PMAIP1 Enhances DNA Damage and Induces ROS-Mediated Mitochondrial Dysfunction to Suppress Tumorigenesis in Triple-Negative Breast Cancer.

BACKGROUND: PMAIP1 (NOXA) is a pro-apoptotic factor that is closely related to cancer development, but its role in triple-negative breast cancer (TNBC) is unclear. This study aimed to explore the effect of PMAIP1 on TNBC cell viability, apoptosis, DNA damage, and mitochondrial function. METHODS: qRT-PCR and western blot were used to detect the expression level of PMAIP1 in TNBC tissues and cells, and its biological role was evaluated in combination with MTT, TUNEL, comet assay, and mitochondrial function indicators (ROS, ATP, mtDNA, and JC-1).
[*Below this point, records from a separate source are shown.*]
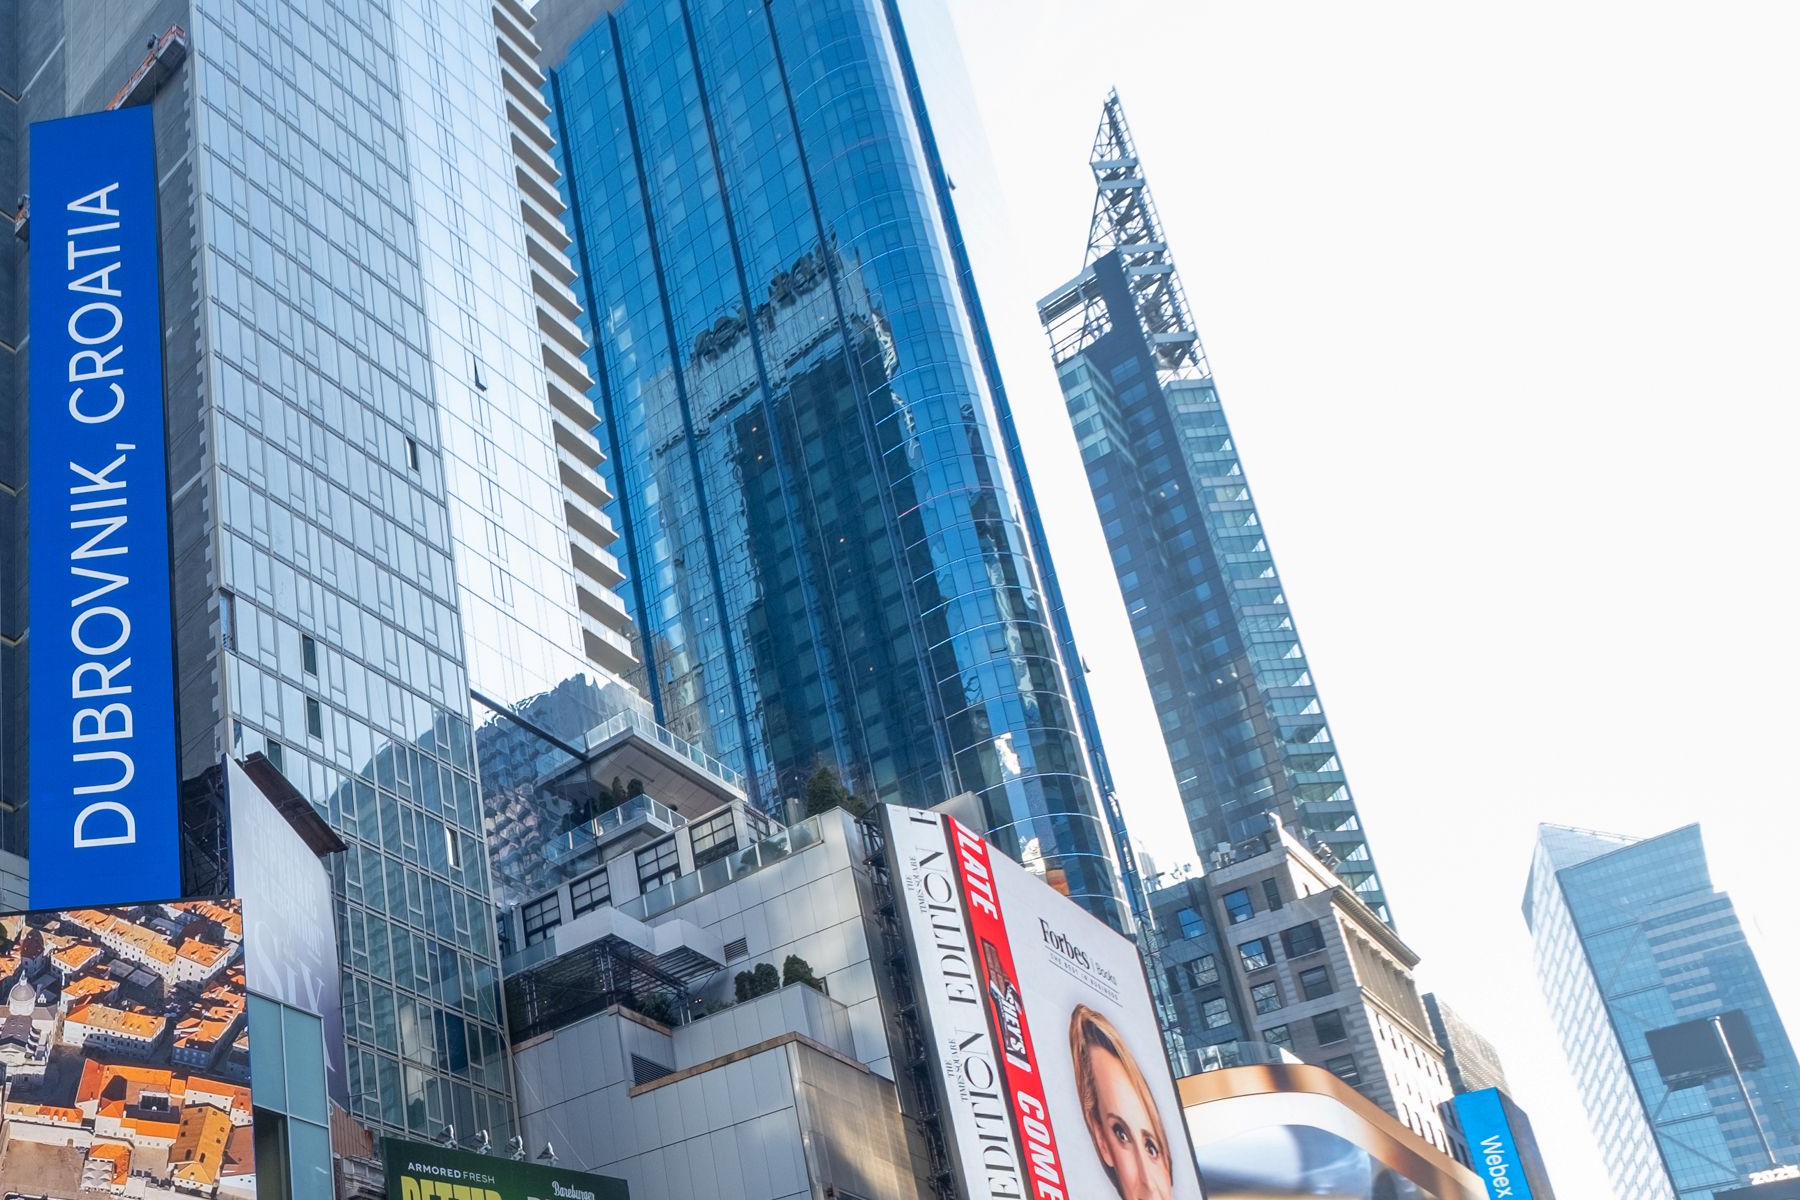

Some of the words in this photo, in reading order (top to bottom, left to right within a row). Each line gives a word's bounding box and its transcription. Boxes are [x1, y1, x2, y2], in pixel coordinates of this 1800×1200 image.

[66, 181, 126, 424] CROATIA
[70, 443, 137, 849] DUBROVNIK,
[916, 847, 978, 1005] EDITION
[1038, 917, 1090, 970] Forbes
[408, 1162, 461, 1179] ARMORED
[463, 1171, 496, 1184] FRESH
[955, 1028, 1021, 1200] EDITION
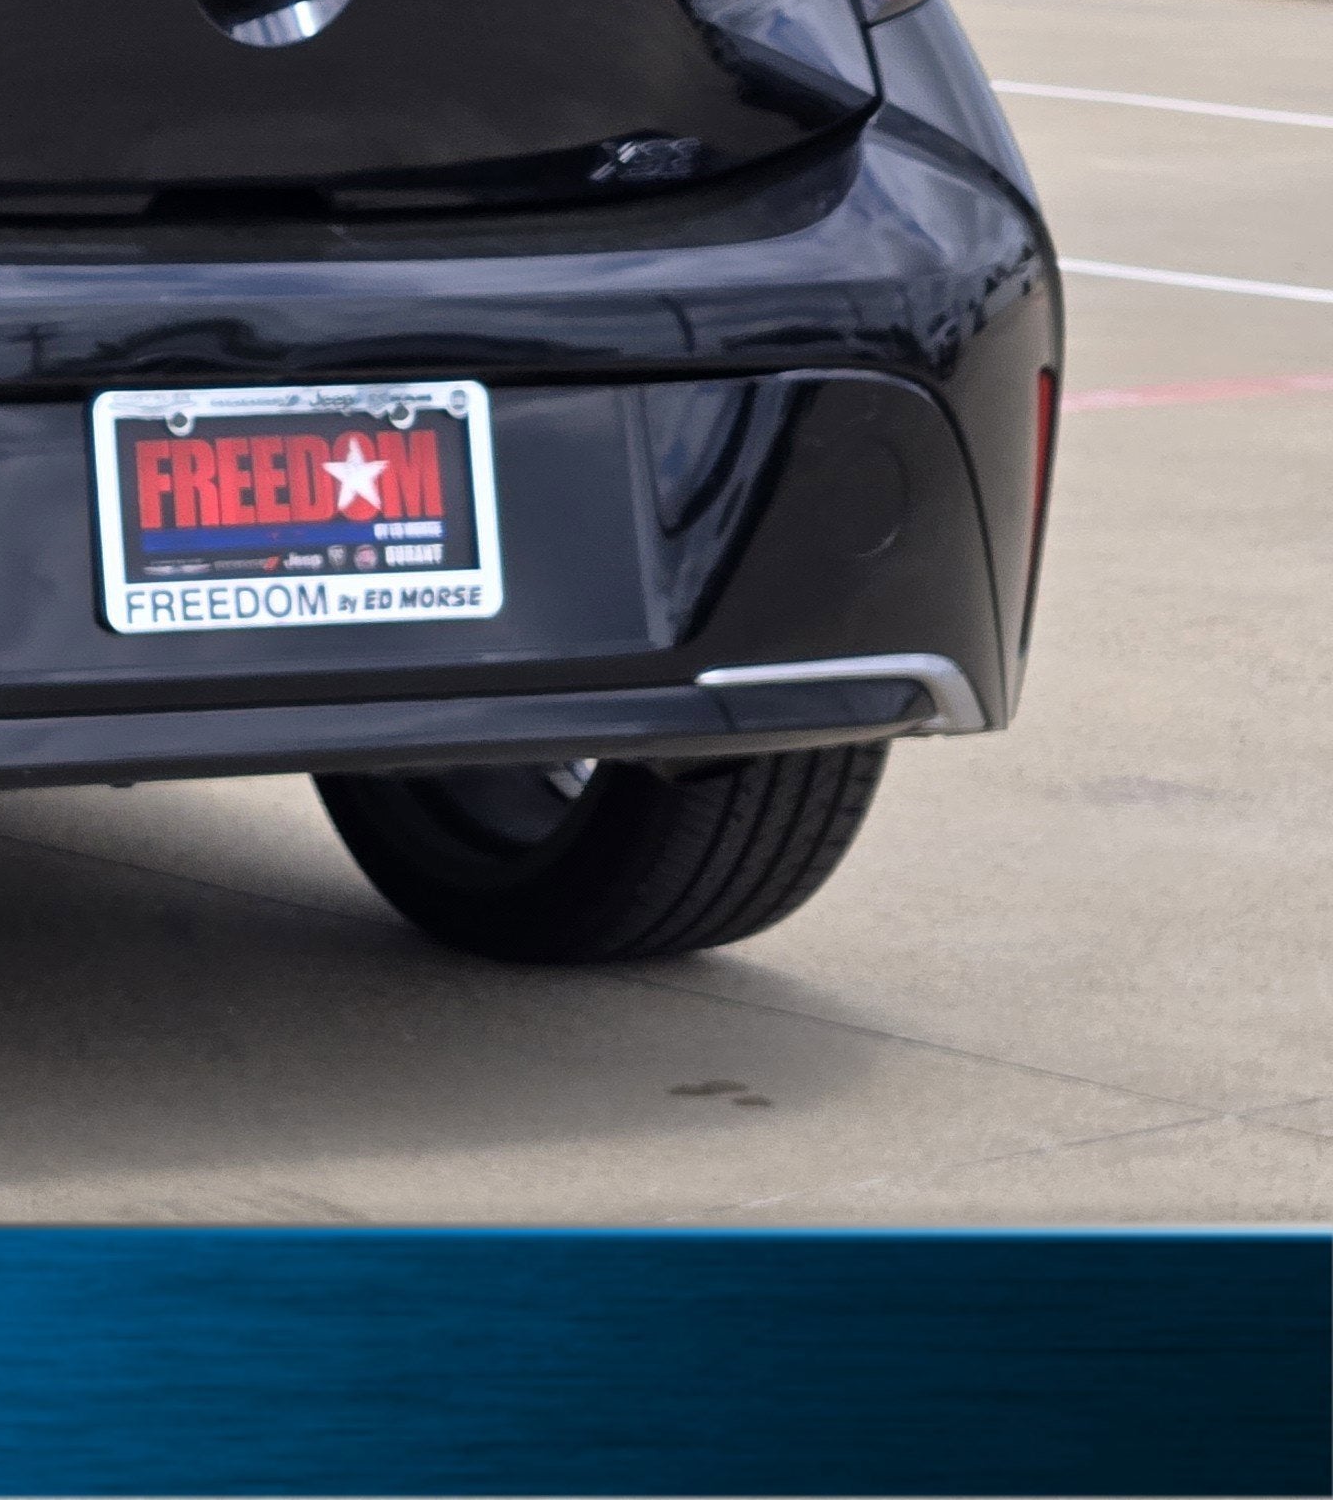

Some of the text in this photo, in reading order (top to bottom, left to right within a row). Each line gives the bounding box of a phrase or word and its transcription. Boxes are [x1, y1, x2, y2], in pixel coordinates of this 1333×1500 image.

[135, 430, 444, 530] FREEDOM
[125, 584, 329, 624] FREEDOM
[364, 589, 392, 610] ED
[400, 586, 481, 609] MORSE
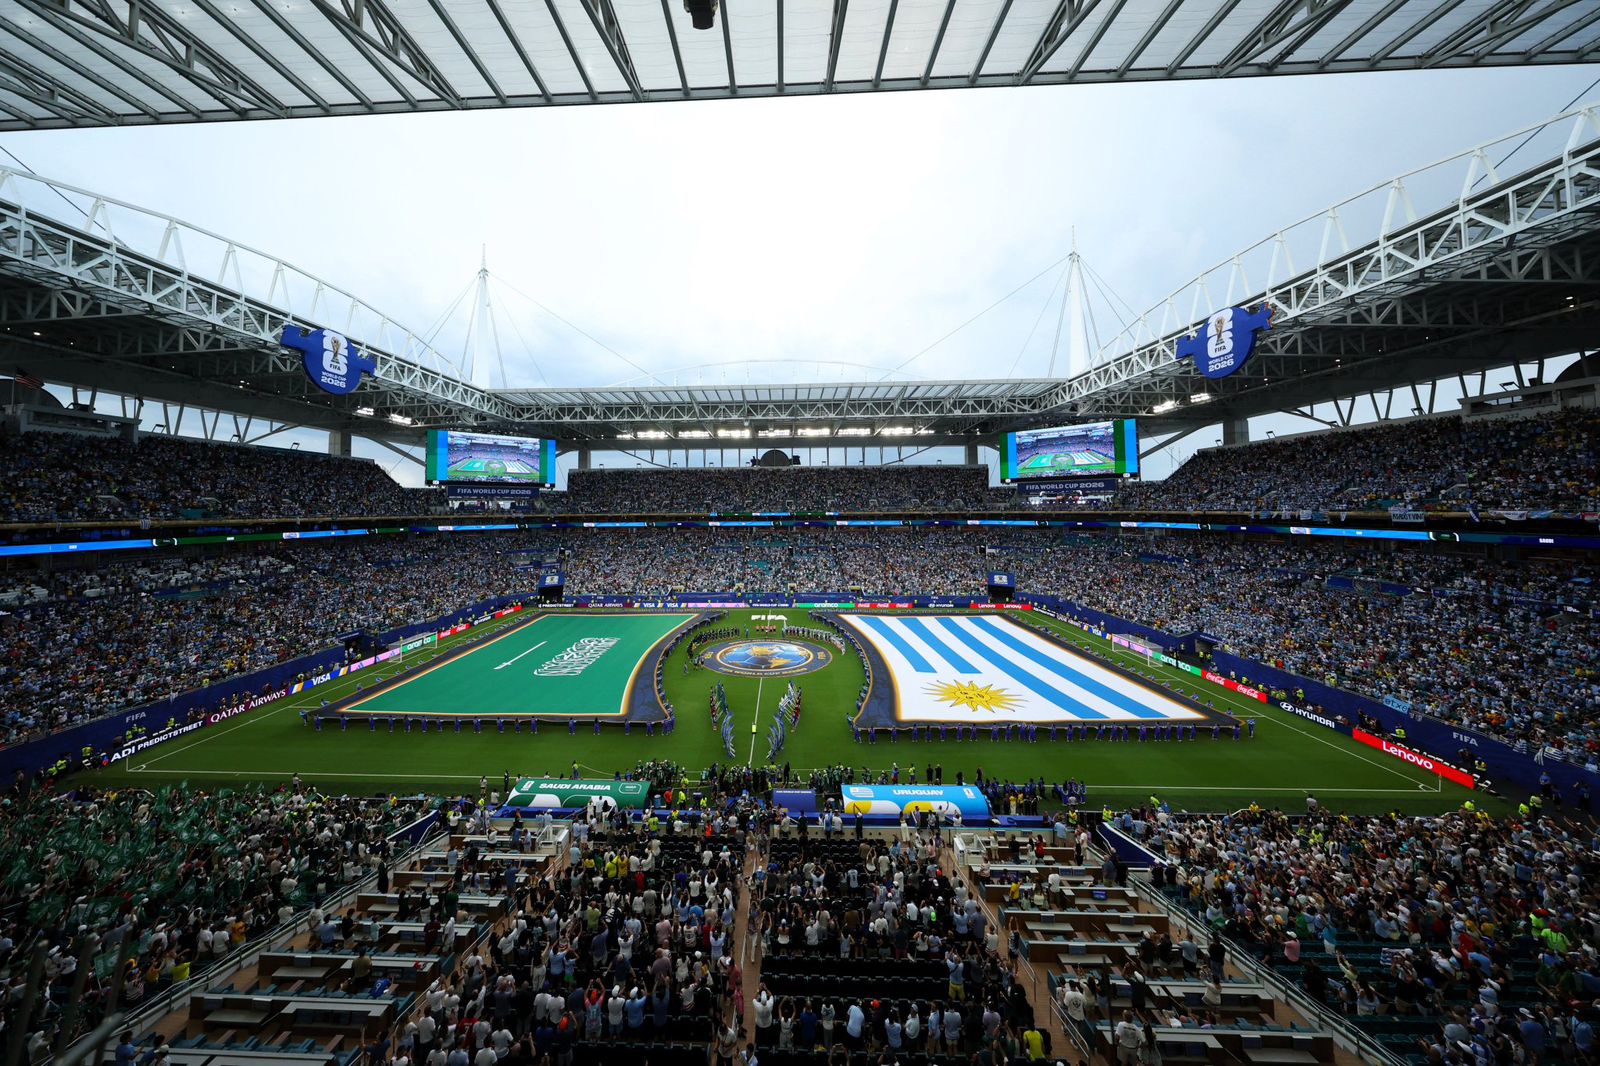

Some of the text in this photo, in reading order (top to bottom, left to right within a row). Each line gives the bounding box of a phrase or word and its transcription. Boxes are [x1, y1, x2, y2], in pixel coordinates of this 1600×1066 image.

[1215, 345, 1226, 353] FIFA
[330, 363, 341, 371] FIFA
[1208, 359, 1234, 372] 2026
[321, 376, 346, 388] 2026
[312, 672, 331, 686] VISA
[211, 689, 286, 723] QATAR AIRWAYS
[126, 711, 146, 723] FIFA
[1295, 707, 1335, 728] HYUNDAI
[110, 720, 203, 762] ADI PREDICTSTREET
[1452, 731, 1479, 747] FIFA
[1382, 740, 1433, 770] Lenovo
RESULTS: PMAIP1 is significantly upregulated in TNBC and is negatively correlated with cell viability: Overexpression of PMAIP1 inhibits cell viability, while knockdown of PMAIP1 enhances viability. Upregulation of PMAIP1 promotes apoptosis by increasing the Bax/Bcl-2 ratio, induces DNA damage, elevates ROS levels, and reduces ATP, mtDNA, and JC-1 levels, leading to mitochondrial dysfunction; conversely, knockdown of PMAIP1 alleviates these changes. CONCLUSION: PMAIP1 exerts a tumor suppressor effect by regulating apoptosis, DNA damage, and mitochondrial dysfunction, providing potential target support for the treatment of TNBC.